*SUPPLIED RECORDS*
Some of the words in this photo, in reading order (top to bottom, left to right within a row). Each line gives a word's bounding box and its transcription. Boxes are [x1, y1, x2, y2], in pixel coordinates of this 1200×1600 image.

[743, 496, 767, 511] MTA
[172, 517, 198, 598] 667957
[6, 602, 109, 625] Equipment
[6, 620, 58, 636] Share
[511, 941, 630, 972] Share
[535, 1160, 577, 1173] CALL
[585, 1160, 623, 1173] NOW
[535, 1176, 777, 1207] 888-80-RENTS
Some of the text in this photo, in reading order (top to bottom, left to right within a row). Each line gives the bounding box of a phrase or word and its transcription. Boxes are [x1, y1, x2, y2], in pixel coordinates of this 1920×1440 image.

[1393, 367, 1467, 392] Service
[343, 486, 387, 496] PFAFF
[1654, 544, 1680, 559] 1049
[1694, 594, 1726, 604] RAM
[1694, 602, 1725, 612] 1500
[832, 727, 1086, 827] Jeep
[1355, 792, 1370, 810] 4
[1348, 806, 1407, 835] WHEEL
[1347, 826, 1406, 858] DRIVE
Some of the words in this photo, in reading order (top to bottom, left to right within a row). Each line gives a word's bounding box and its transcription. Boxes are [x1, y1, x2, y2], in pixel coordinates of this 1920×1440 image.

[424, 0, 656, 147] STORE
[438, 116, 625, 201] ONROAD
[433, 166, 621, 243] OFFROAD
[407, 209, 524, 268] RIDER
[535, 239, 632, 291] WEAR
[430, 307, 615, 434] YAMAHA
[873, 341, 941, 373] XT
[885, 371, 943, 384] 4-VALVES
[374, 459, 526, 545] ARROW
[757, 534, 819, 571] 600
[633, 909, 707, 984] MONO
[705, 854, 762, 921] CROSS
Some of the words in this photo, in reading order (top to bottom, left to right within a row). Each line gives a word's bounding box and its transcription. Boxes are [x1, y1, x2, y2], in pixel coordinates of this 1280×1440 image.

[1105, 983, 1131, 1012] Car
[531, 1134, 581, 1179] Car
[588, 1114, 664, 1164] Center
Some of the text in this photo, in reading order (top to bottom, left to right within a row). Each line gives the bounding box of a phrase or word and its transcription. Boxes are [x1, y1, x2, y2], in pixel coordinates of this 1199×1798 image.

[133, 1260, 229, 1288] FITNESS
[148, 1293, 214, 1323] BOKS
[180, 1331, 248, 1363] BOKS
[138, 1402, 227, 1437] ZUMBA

*DIRECTIONS*
Could you restate the listing above word for word, leaving nothing out?

*WRITTEN SOLUTION*
Some of the words in this photo, in reading order (top to bottom, left to right within a row). Each line gives a word's bounding box and its transcription. Boxes are [x1, y1, x2, y2], in pixel coordinates of this 1200×1600 image.

[743, 496, 767, 511] MTA
[172, 517, 198, 598] 667957
[6, 602, 109, 625] Equipment
[6, 620, 58, 636] Share
[511, 941, 630, 972] Share
[535, 1160, 577, 1173] CALL
[585, 1160, 623, 1173] NOW
[535, 1176, 777, 1207] 888-80-RENTS
Some of the text in this photo, in reading order (top to bottom, left to right within a row). Each line gives the bounding box of a phrase or word and its transcription. Boxes are [x1, y1, x2, y2], in pixel coordinates of this 1920×1440 image.

[1393, 367, 1467, 392] Service
[343, 486, 387, 496] PFAFF
[1654, 544, 1680, 559] 1049
[1694, 594, 1726, 604] RAM
[1694, 602, 1725, 612] 1500
[832, 727, 1086, 827] Jeep
[1355, 792, 1370, 810] 4
[1348, 806, 1407, 835] WHEEL
[1347, 826, 1406, 858] DRIVE
Some of the words in this photo, in reading order (top to bottom, left to right within a row). Each line gives a word's bounding box and its transcription. Boxes are [x1, y1, x2, y2], in pixel coordinates of this 1920×1440 image.

[424, 0, 656, 147] STORE
[438, 116, 625, 201] ONROAD
[433, 166, 621, 243] OFFROAD
[407, 209, 524, 268] RIDER
[535, 239, 632, 291] WEAR
[430, 307, 615, 434] YAMAHA
[873, 341, 941, 373] XT
[885, 371, 943, 384] 4-VALVES
[374, 459, 526, 545] ARROW
[757, 534, 819, 571] 600
[633, 909, 707, 984] MONO
[705, 854, 762, 921] CROSS
Some of the words in this photo, in reading order (top to bottom, left to right within a row). Each line gives a word's bounding box and its transcription. Boxes are [x1, y1, x2, y2], in pixel coordinates of this 1280×1440 image.

[1105, 983, 1131, 1012] Car
[531, 1134, 581, 1179] Car
[588, 1114, 664, 1164] Center
Some of the text in this photo, in reading order (top to bottom, left to right within a row). Each line gives the bounding box of a phrase or word and its transcription. Boxes are [x1, y1, x2, y2], in pixel coordinates of this 1199×1798 image.

[133, 1260, 229, 1288] FITNESS
[148, 1293, 214, 1323] BOKS
[180, 1331, 248, 1363] BOKS
[138, 1402, 227, 1437] ZUMBA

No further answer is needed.